- [TASK TO CARRY OUT]: Once you reach the line holding "Some of the text", write out that line and every later one exactly, ending with the last line of the data; write nothing else.

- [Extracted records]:

..............................

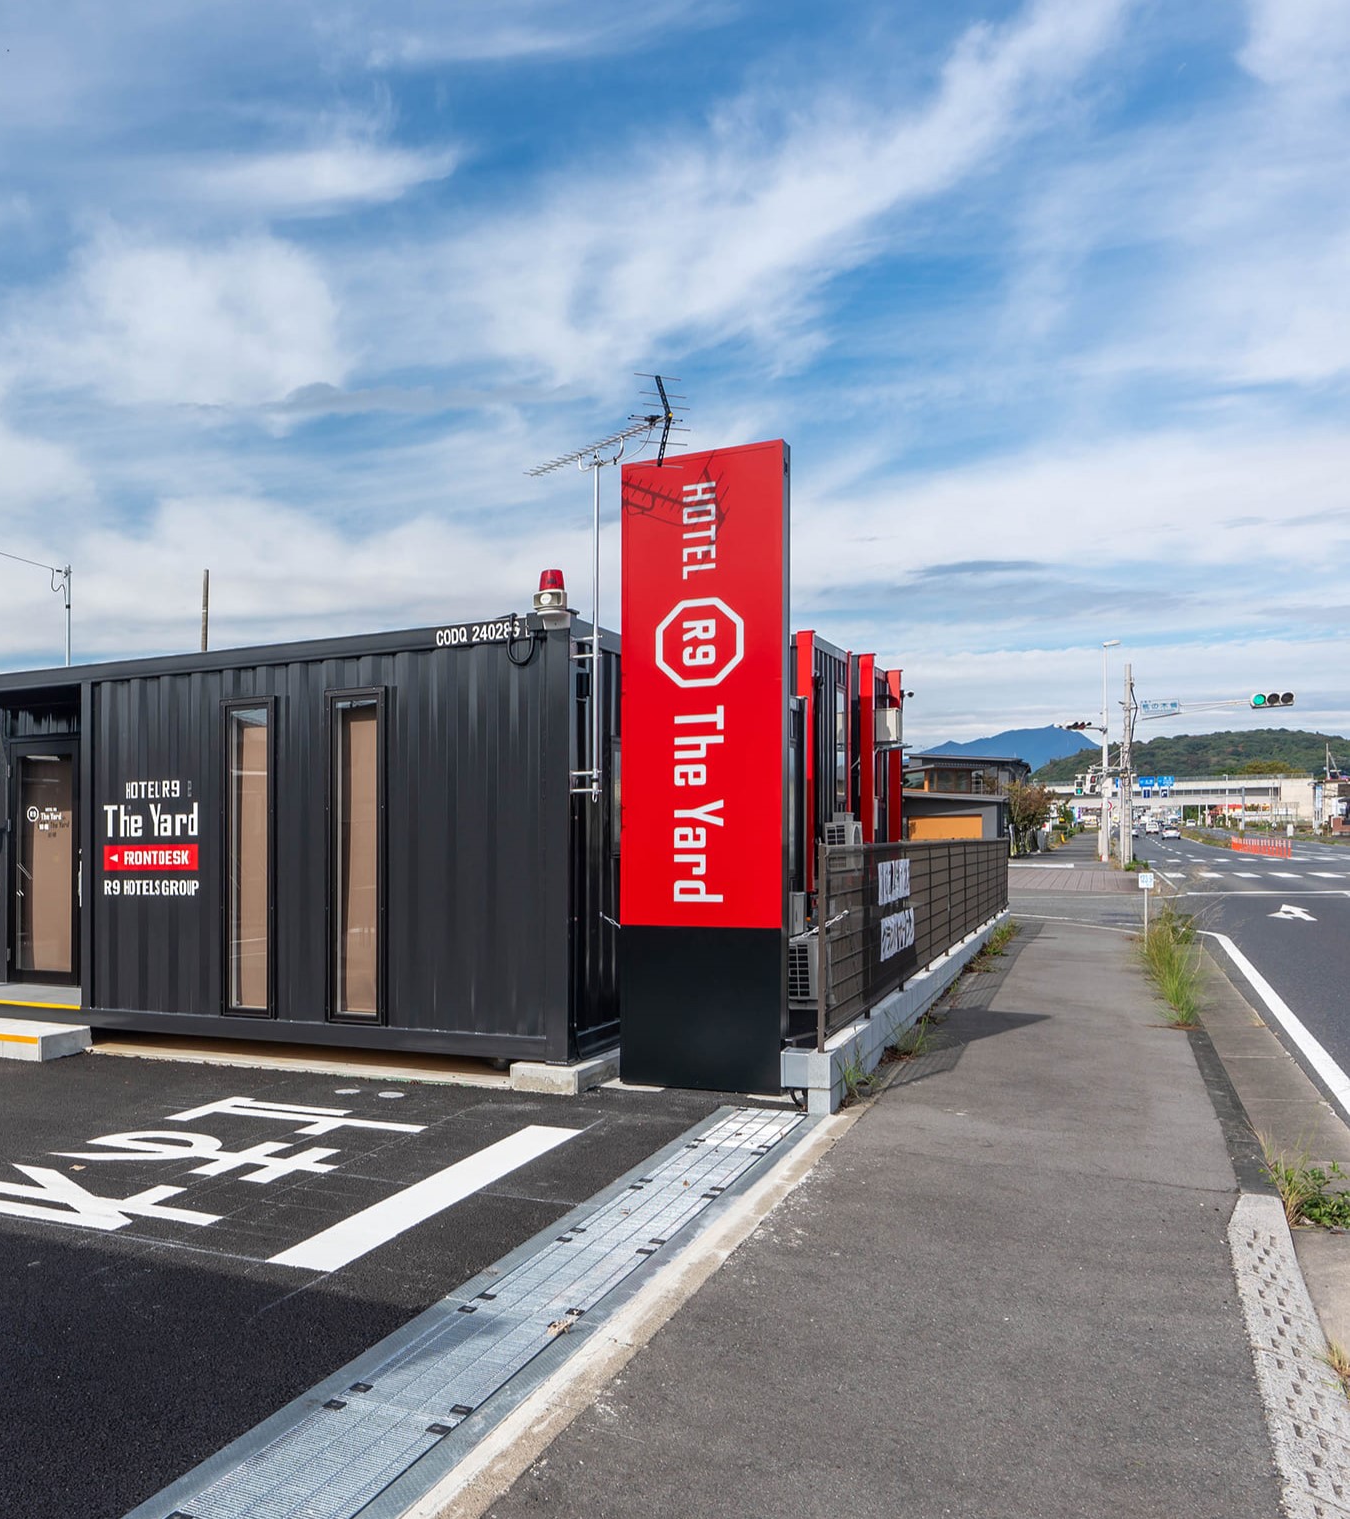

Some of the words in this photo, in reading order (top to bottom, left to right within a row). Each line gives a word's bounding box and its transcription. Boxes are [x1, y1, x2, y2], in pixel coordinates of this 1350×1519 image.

[682, 481, 716, 580] HOTEL
[435, 627, 468, 646] CODQ
[683, 618, 716, 667] R9
[674, 704, 725, 787] The
[125, 780, 160, 799] HOTEL
[162, 780, 181, 798] R9
[103, 804, 143, 838] The
[149, 801, 199, 837] Yard
[674, 799, 725, 903] Yard
[103, 880, 121, 896] R9
[123, 880, 161, 896] HOTELS
[161, 880, 200, 896] GROUP
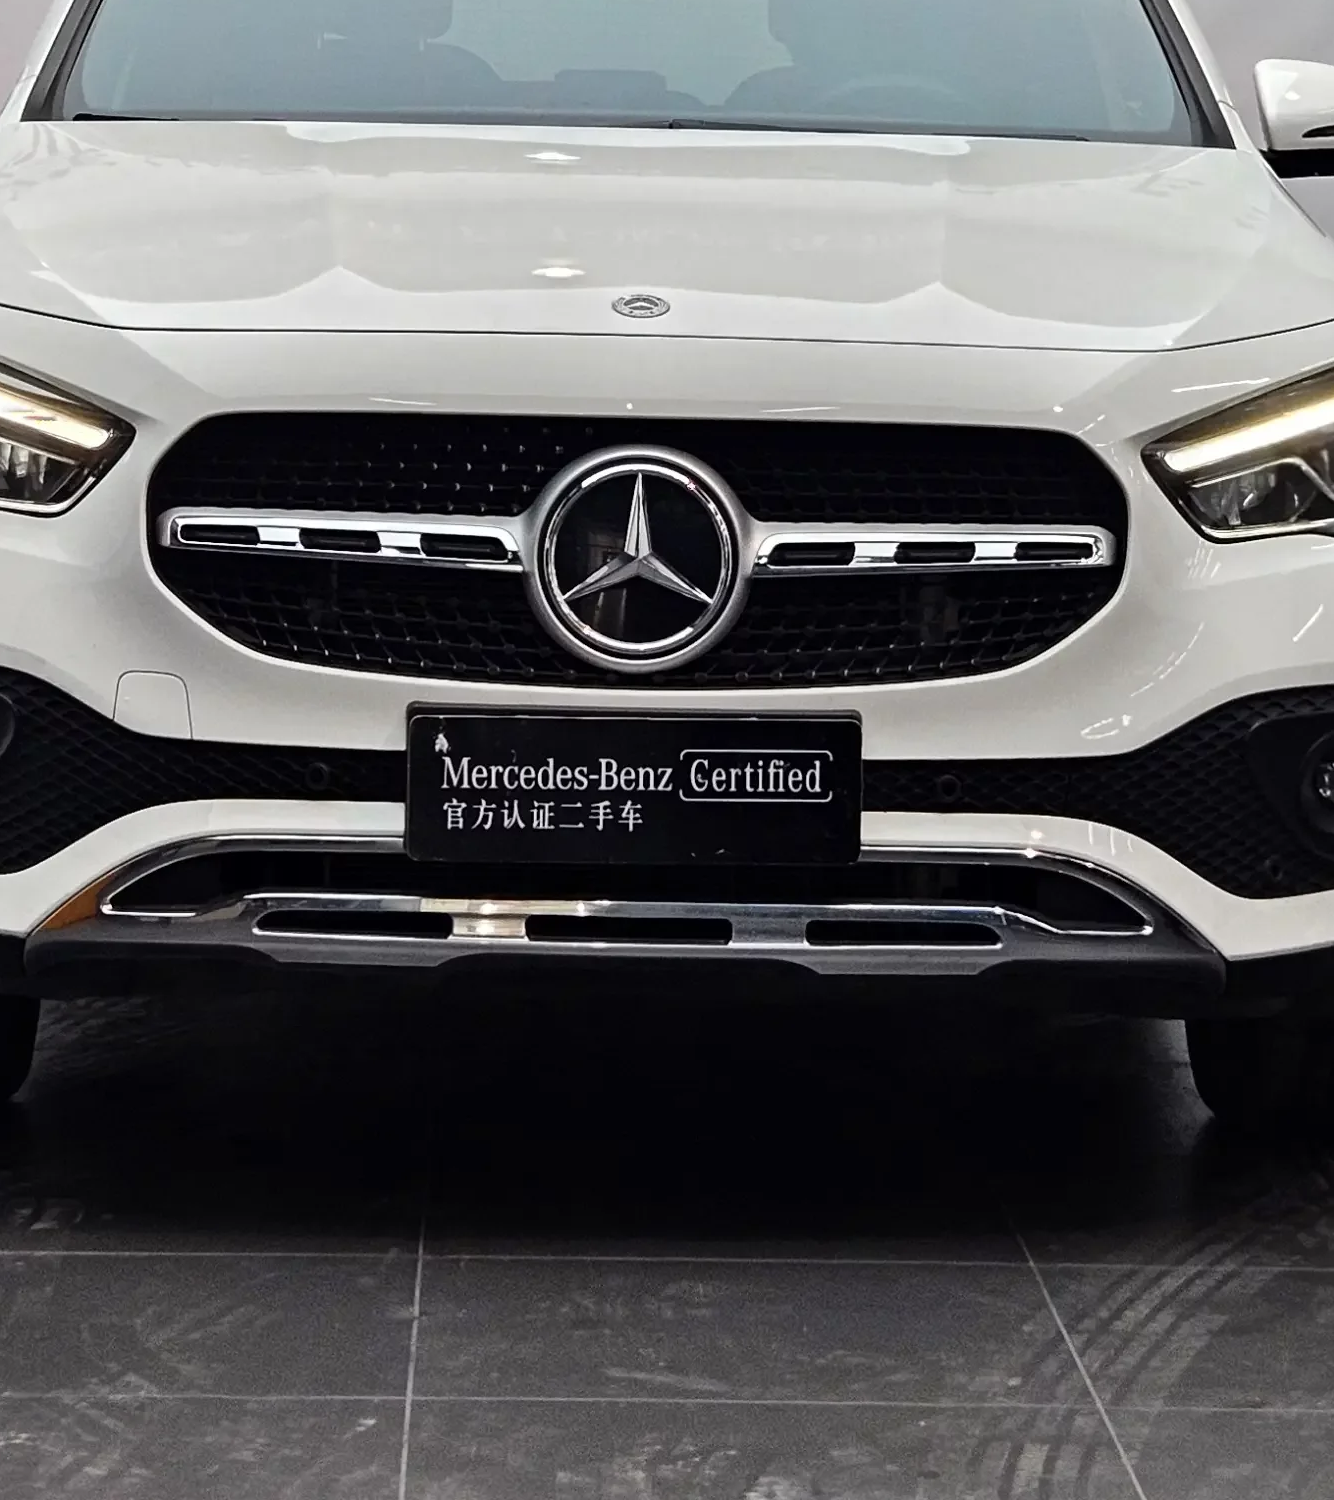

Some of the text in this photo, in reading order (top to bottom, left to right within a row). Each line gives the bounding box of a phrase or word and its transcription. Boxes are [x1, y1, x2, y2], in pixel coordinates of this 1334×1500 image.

[440, 755, 823, 794] Mercedes-Benz Certified
[442, 798, 644, 833] 官方认证二手车

..............................

- [SOLUTION FOR THIS PROBLEM]:
Some of the text in this photo, in reading order (top to bottom, left to right within a row). Each line gives the bounding box of a phrase or word and its transcription. Boxes are [x1, y1, x2, y2], in pixel coordinates of this 1334×1500 image.

[440, 755, 823, 794] Mercedes-Benz Certified
[442, 798, 644, 833] 官方认证二手车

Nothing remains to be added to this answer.